What have I been up to lately? Well, I hang out with this guy a lot. I finished coursework. And now I'm reading for my preliminary exams, to be taken every Thursday in October. (Please do not mention in the comments that October is only two months away, or I will have to run screaming from this blog for another year-long hiatus!)
Anyway, here's my random-thought-for-the-day-while-reading: analogy! Such a useful concept! In my neck of the scholarly woods, arguments are often made about influence ~ that one creation story influenced another, that one work of historiography is a polemical response to another, etc. These claims -- though sometimes likely, and occassionally irrefutable -- must be supported vigorously, because to argue for influence is quite difficult when one's source material is spotty, redacted, and chronologically ambiguous. However, lately I've come across an increasing number of arguments for analogy rather than influence. In other words, instead of arguing that the writer of the vision reports in Daniel had a coffee table collection of Ugaritic myths at his or her disposal, it is perhaps equally useful (and less epistomelogically problematic) to observe the analogies between them. John Collins does this in his introduction to Jewish Apocalyptic literature, to wit: "the issue is not the exact derivation but the kinds of allusions involved" (p. 19). Furthermore:
If the "one like a son of man" who comes on the clouds in Daniel 7 alludes to the Canaanite figure of Baal, this is not to say that he is idenitified as Baal, or that the full story of Baal is implied. It merely suggests that there is some analogy between this figure and the traditional conception of Baal. (emphasis mine, p. 19)My interest in allusion and analogy is related to the plausibility of what I like to call the there-was-something-in-the-air theory.
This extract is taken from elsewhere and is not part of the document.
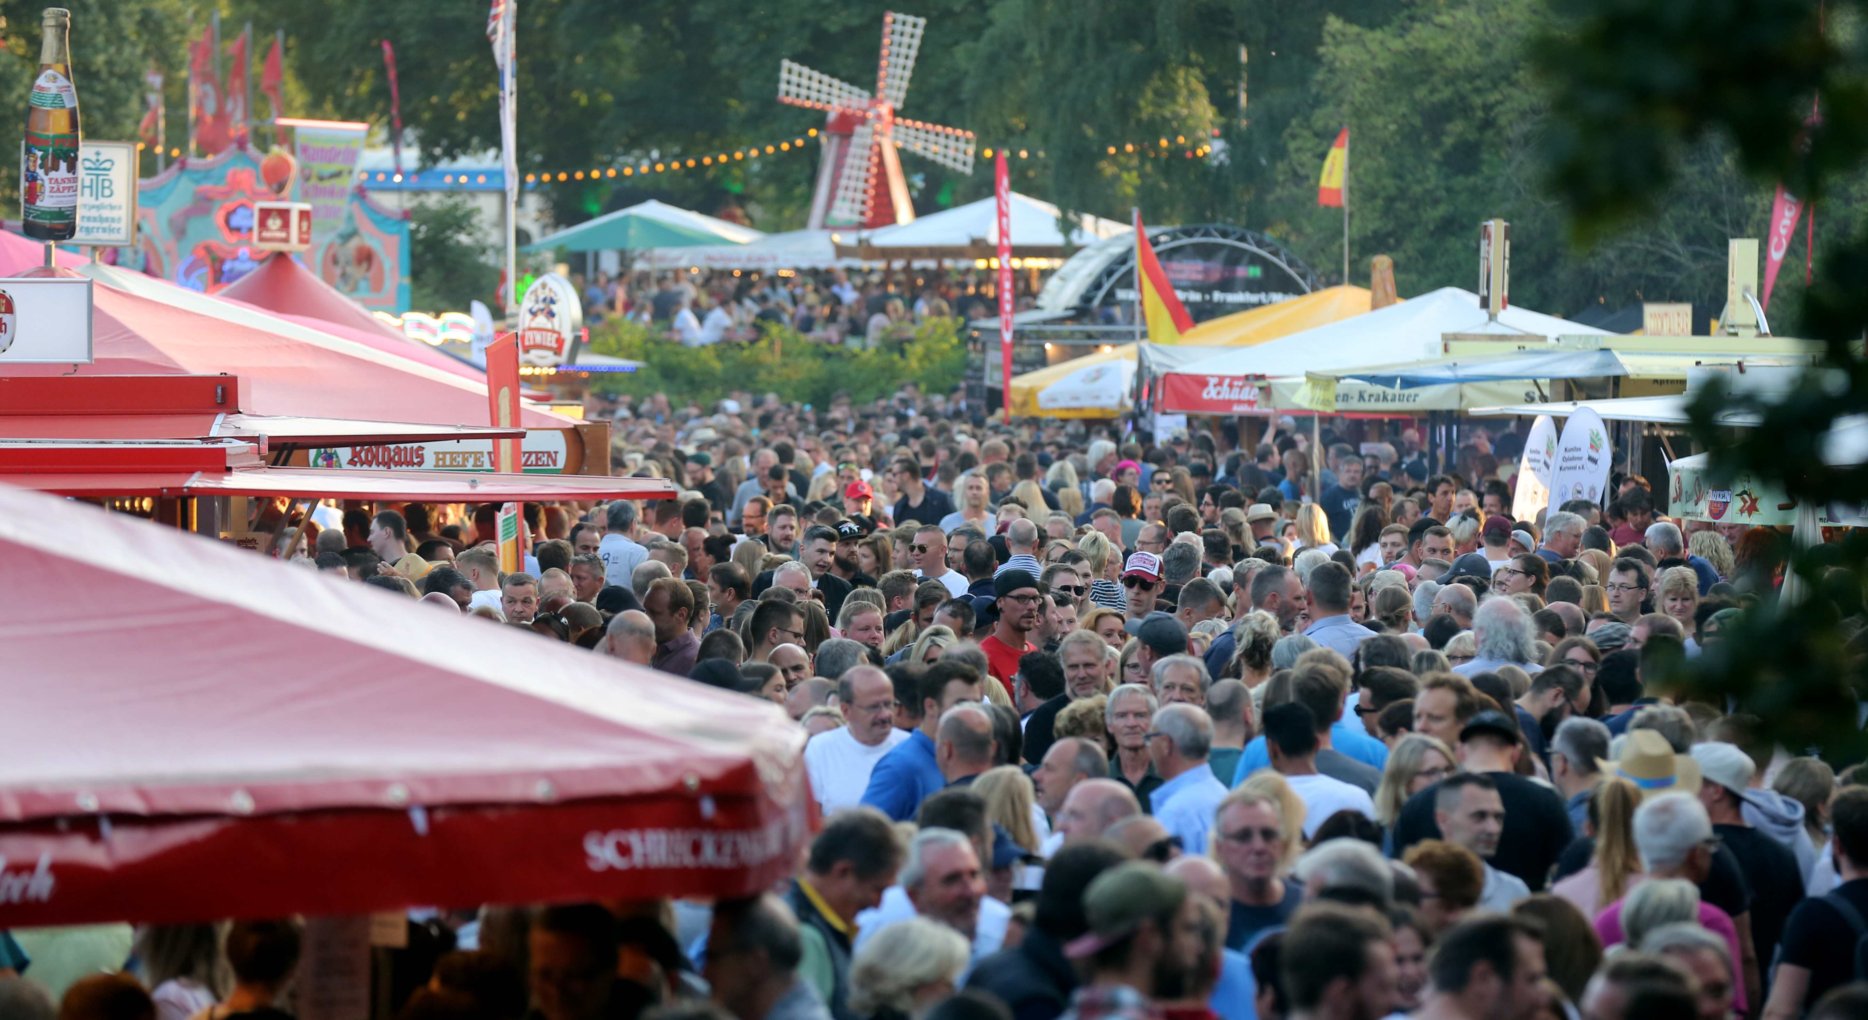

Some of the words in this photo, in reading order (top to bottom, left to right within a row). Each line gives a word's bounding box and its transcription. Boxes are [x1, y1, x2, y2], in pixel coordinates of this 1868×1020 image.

Again, rather than arguing for influence, it seems more likely that, within and across certain eras (and especially between neighboring cultures), some traditions and ideas and archetypes and mythic images remain in the air, enduring for generations. Scribes and storytellers breathe these in and out; the literary evidence for this phenomenon comes to us clothed as analogy and allusion (among other things, I'm sure).
Brandon recommends reading this when prelims are done, to explore analogy in light of the findings of cognitive science. Sounds like fun to me! (Then again, reading anything that's not on my reading list sounds like fun at this point in the summer!)